The entries below are to be transcribed in full, without their images.

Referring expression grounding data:
= = = = =

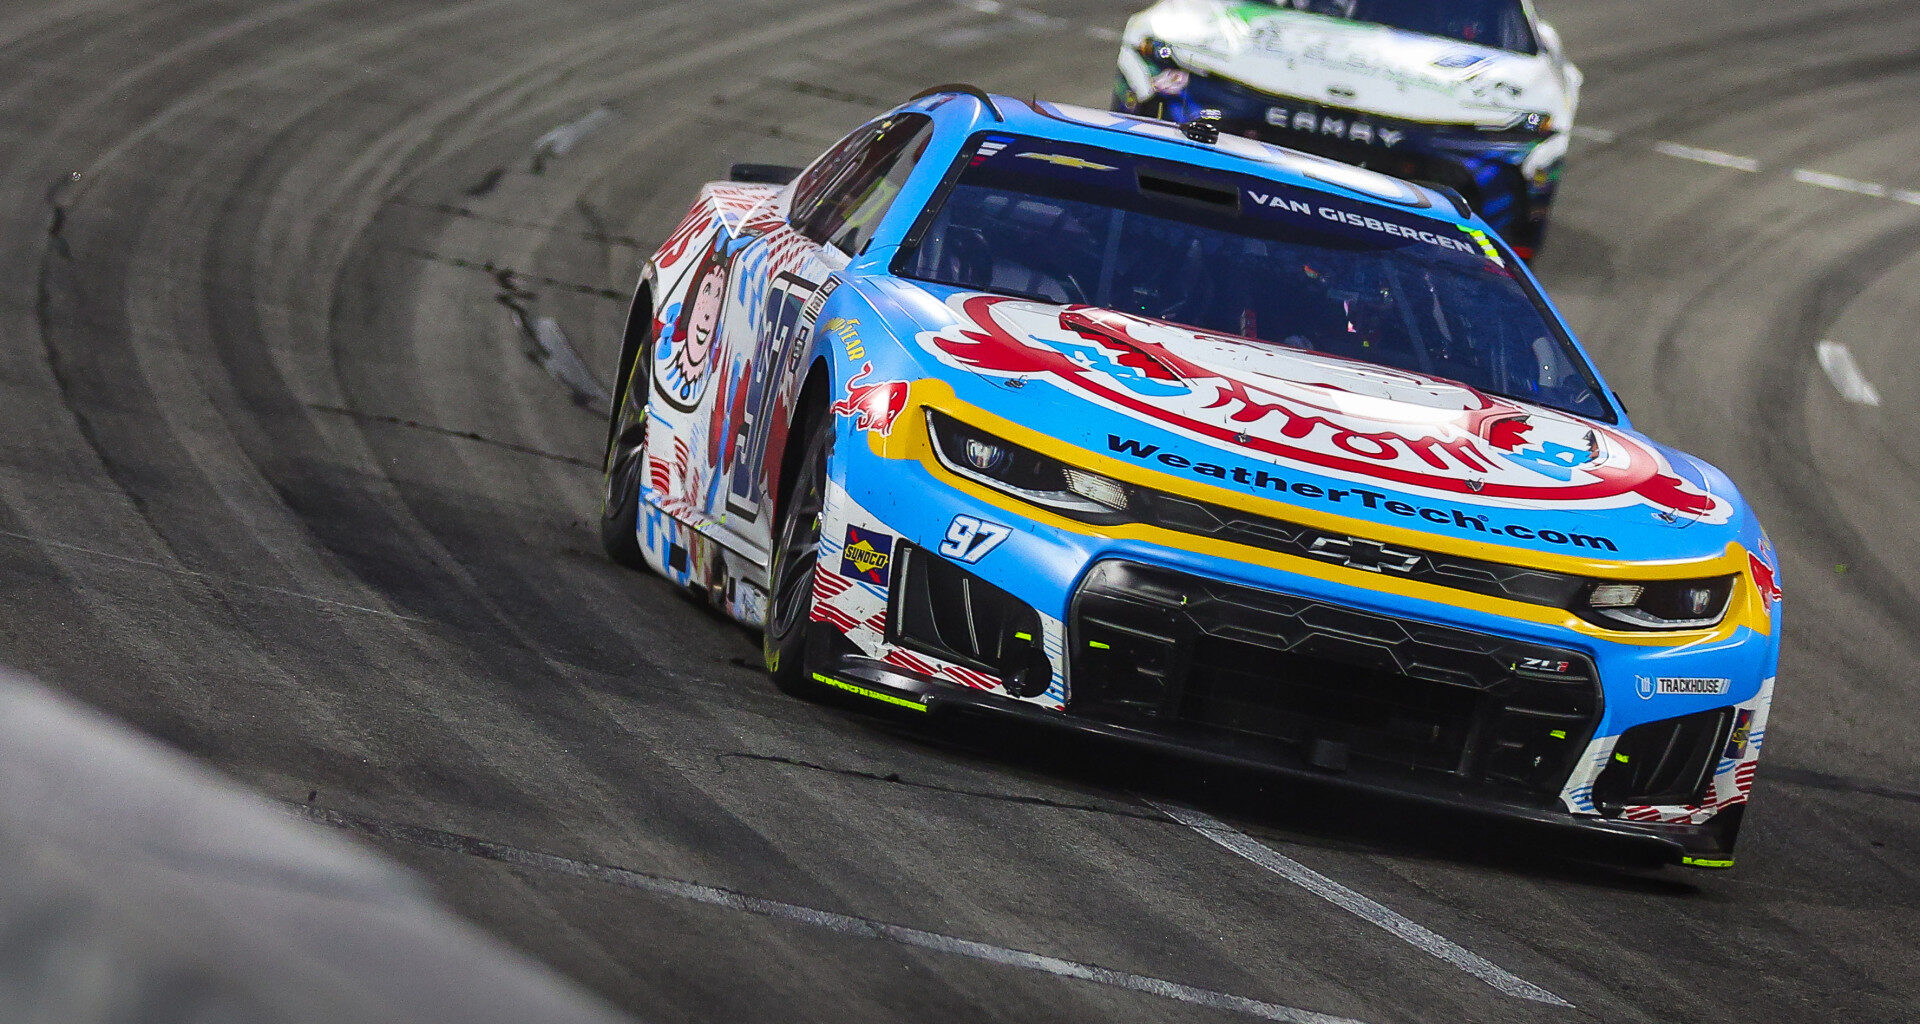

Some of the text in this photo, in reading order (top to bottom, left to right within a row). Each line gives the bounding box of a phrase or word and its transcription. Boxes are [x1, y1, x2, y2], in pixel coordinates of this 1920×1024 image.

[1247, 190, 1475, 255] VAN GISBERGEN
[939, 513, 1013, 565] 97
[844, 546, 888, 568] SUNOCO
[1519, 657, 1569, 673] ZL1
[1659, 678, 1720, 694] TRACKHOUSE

= = = = =

-- Task result --
Some of the text in this photo, in reading order (top to bottom, left to right within a row). Each line gives the bounding box of a phrase or word and its transcription. Boxes are [x1, y1, x2, y2], in pixel coordinates of this 1920×1024 image.

[1247, 190, 1475, 255] VAN GISBERGEN
[939, 513, 1013, 565] 97
[844, 546, 888, 568] SUNOCO
[1519, 657, 1569, 673] ZL1
[1659, 678, 1720, 694] TRACKHOUSE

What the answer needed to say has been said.